在一些实施方案中,RNA在分析前被转化为DNA(cDNA)。cDNA可以通过使用常规技术对分离的miRNA进行反转录而产生。miRNA反转录试剂盒是已知的和商业化的。合适的试剂盒的例子包括但不限于mirVana TaqMan miRNA转录试剂盒(Ambion,Austin,Texas USA)和TaqMan miRNA转录试剂盒(Applied Biosystems,Foster City,Calif.)。通用引物或特异性引物,包括miRNA特异性茎环引物,均是已知的和商业可获得的,例如从AppliedBiosystems可获得。在一些实施方案中,在测量前扩增miRNA。在其他实施方案中,miRNA的水平是在扩增过程中测量的。又在其他实施方案中,在测量前不扩增miRNA的水平。下面将更详细地描述一些适合确定样品中miRNA水平的示例性方法。这些方法仅以说明的方式提供,对于技术人员来说,显然也可以使用其他合适的方法。

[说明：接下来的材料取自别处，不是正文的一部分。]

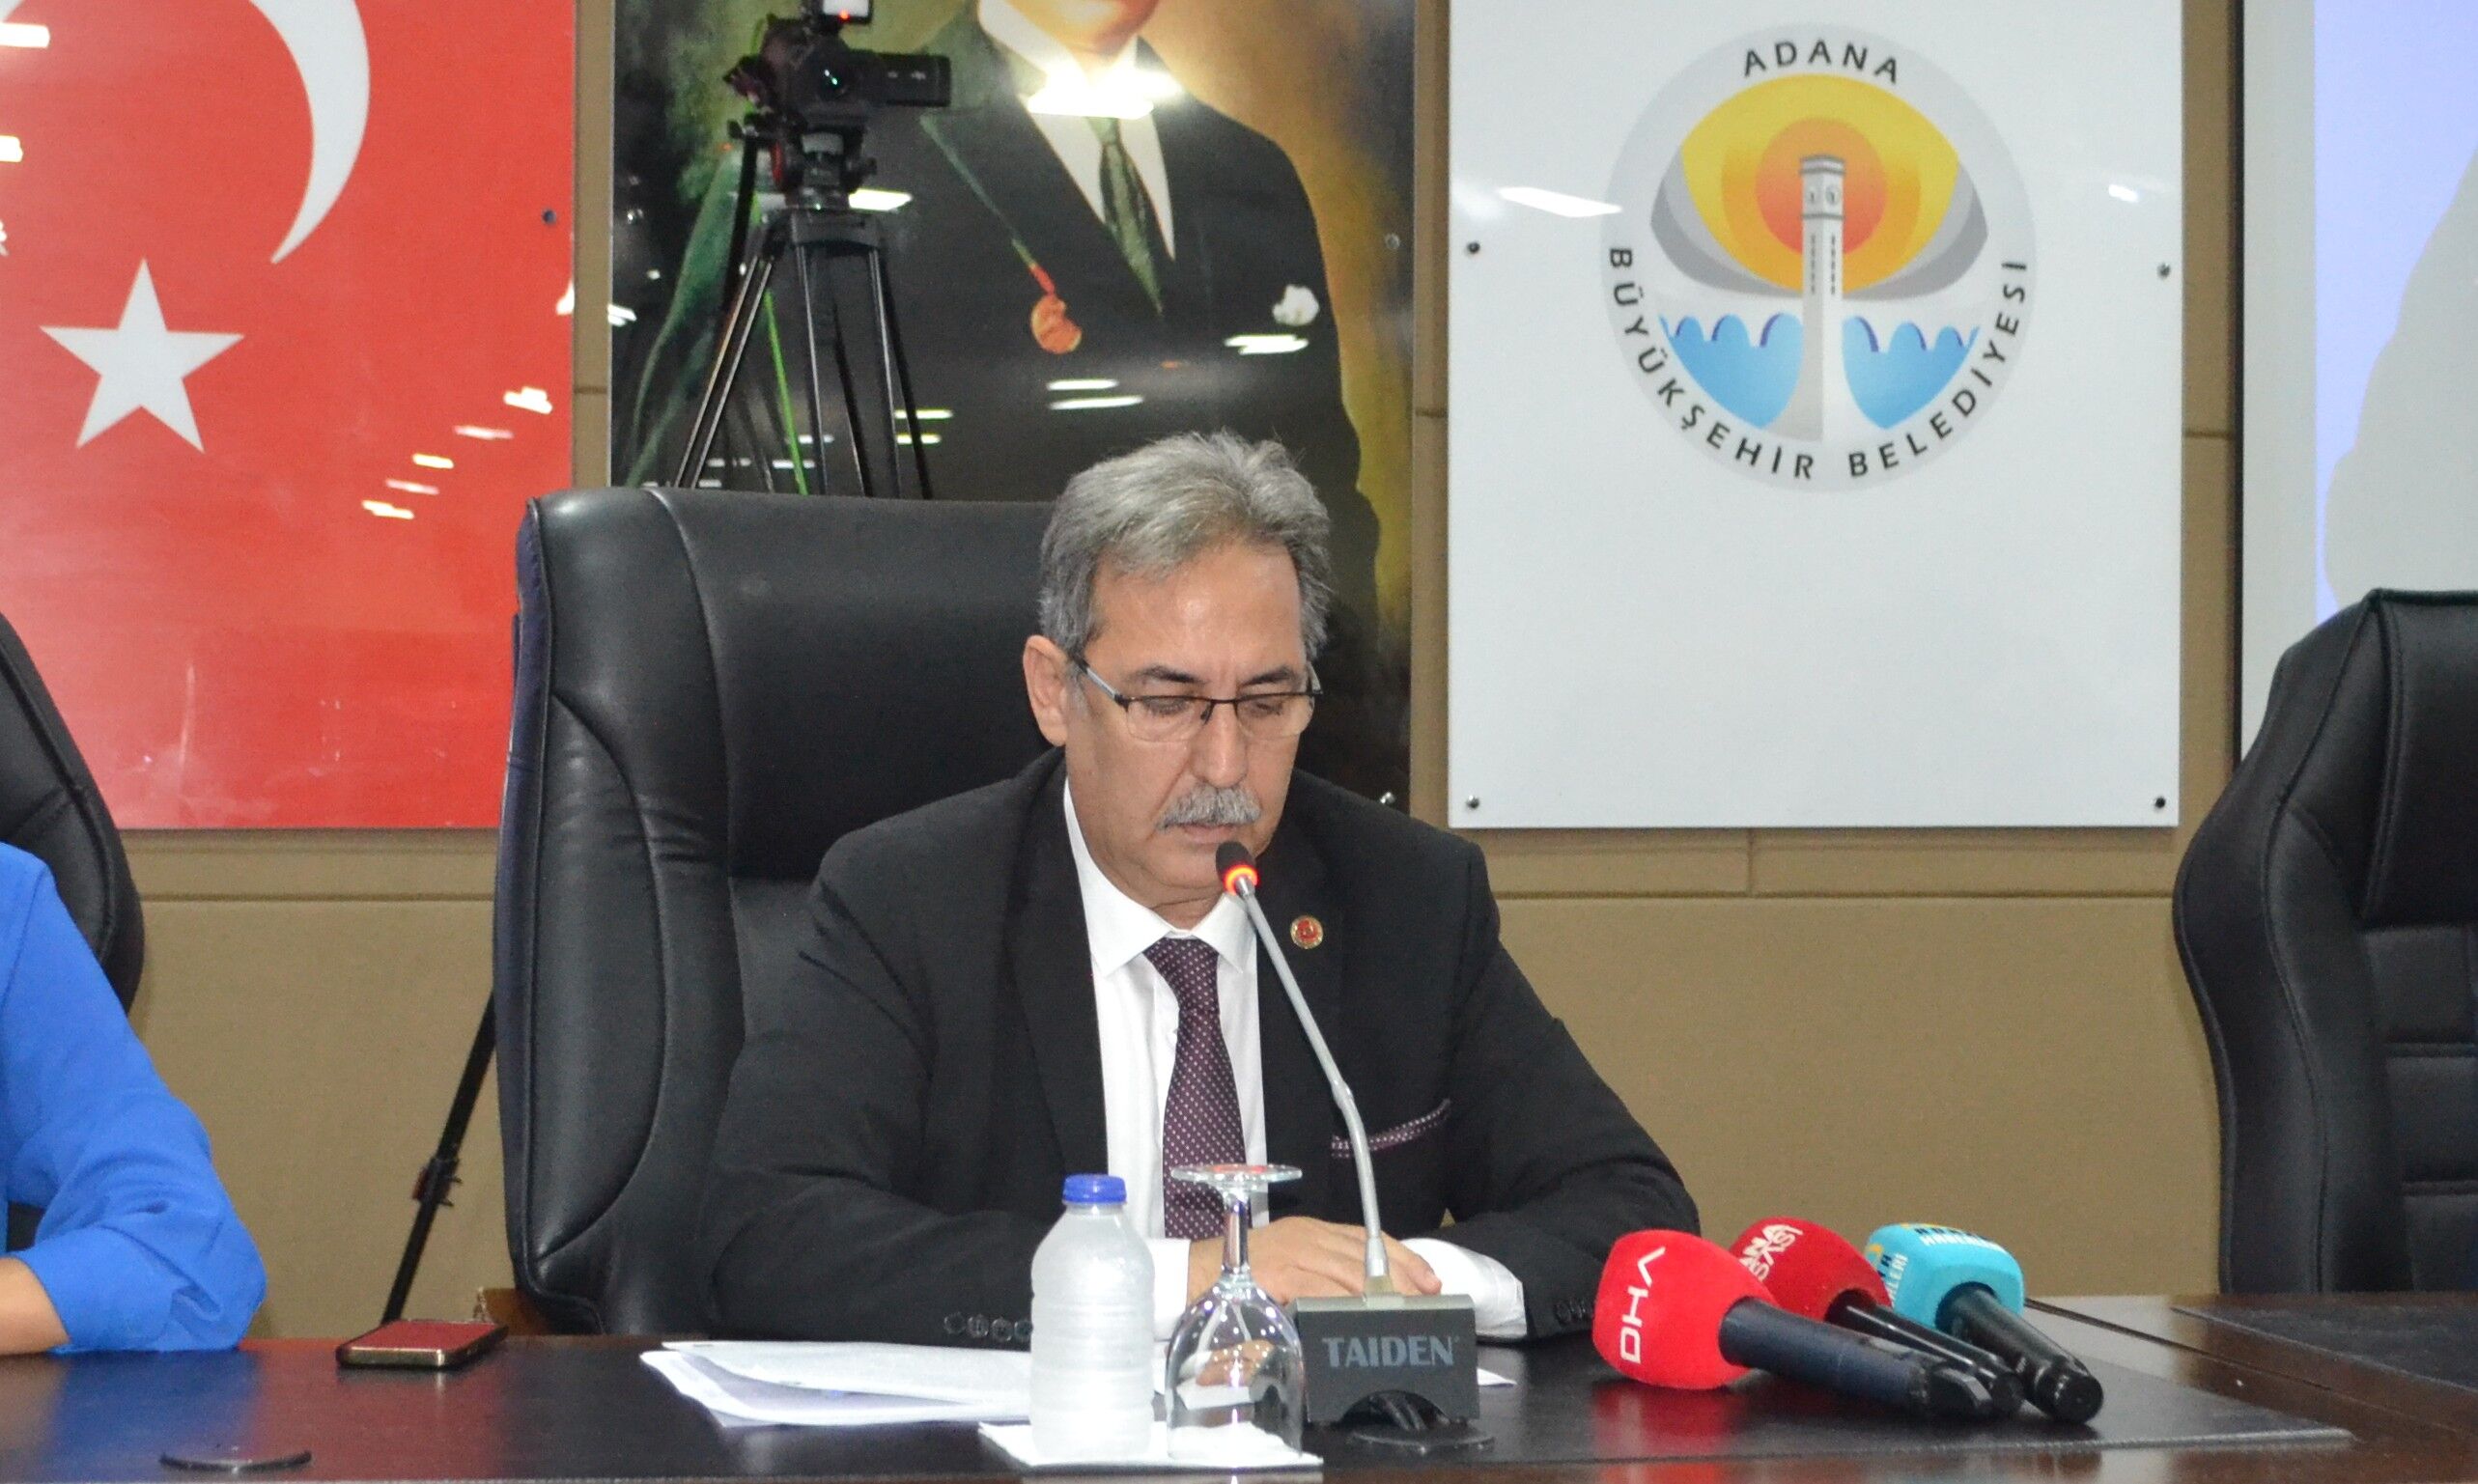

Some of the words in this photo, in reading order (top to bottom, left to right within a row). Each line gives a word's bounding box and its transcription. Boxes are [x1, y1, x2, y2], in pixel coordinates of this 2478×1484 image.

[1744, 38, 1898, 85] ADANA
[1609, 246, 1815, 480] BÜYÜKŞEHİR
[1619, 1246, 1667, 1364] DHA
[1321, 1334, 1454, 1368] TAIDEN

存在许多基于扩增的方法来检测miRNA核酸序列的水平,包括但不限于PCR、RT-PCR、qPCR和滚环扩增。此类方法也可用于检测DNA或mRNA,如ApoE-ε4。其他基于扩增的技术包括例如连接酶链反应、多重可连接的探针扩增、体外转录(IVT)、链置换扩增、转录介导的扩增、RNA(Eberwine)扩增,以及本领域技术人员已知的其他方法。
用于miRNA定量实时PCR的试剂盒是已知的,并且是商业可获得的。合适的试剂盒的例子包括但不限于TaqMan miRNA测定法(Applied Biosystems)和mirVana qRT-PCRmiRNA检测试剂盒(Ambion)。miRNA可以在逆转录酶之前连接到含有通用引物序列、聚腺苷酸化序列或适配体序列的单链寡核苷酸上,并使用与通用引物序列互补的引物、poly(T)引物或包含与适配体序列互补的序列的引物进行扩增。
目前描述的miRNA可以用miRNA阵列进行分离和/或检测,所述阵列是核酸分子(探针)的有序的大阵列或微阵列,所述核酸分子与多个miRNA分子或前体miRNA分子完全互补或几乎互补或相同,并以空间分离的组织形式放置在支持材料上。大阵列通常是其上点有探针的硝基纤维素或尼龙的薄片。微阵列将核酸探针定位得更密集,这样在通常1到4平方厘米的区域内可以容纳多达10000个核酸分子。微阵列可以通过将核酸分子,如基因、寡核苷酸等,点在基质上来制造,或在基质上原位制造寡核苷酸序列。点样的或制造的核酸分子可以以每平方厘米高达约30个不相同的核酸分子或更高的密度矩阵模式应用,例如,每平方厘米高达约100个甚至1000个。微阵列通常使用包被的玻璃作为固体支持物。通过拥有一个有序的miRNA互补的核酸样本阵列,每个样本的位置可以被追踪并与原始样本相联系。许多不同的核酸探针与固体支持物的表面稳定地缔合在一起的许多不同的阵列装置是本领域的技术人员已知的。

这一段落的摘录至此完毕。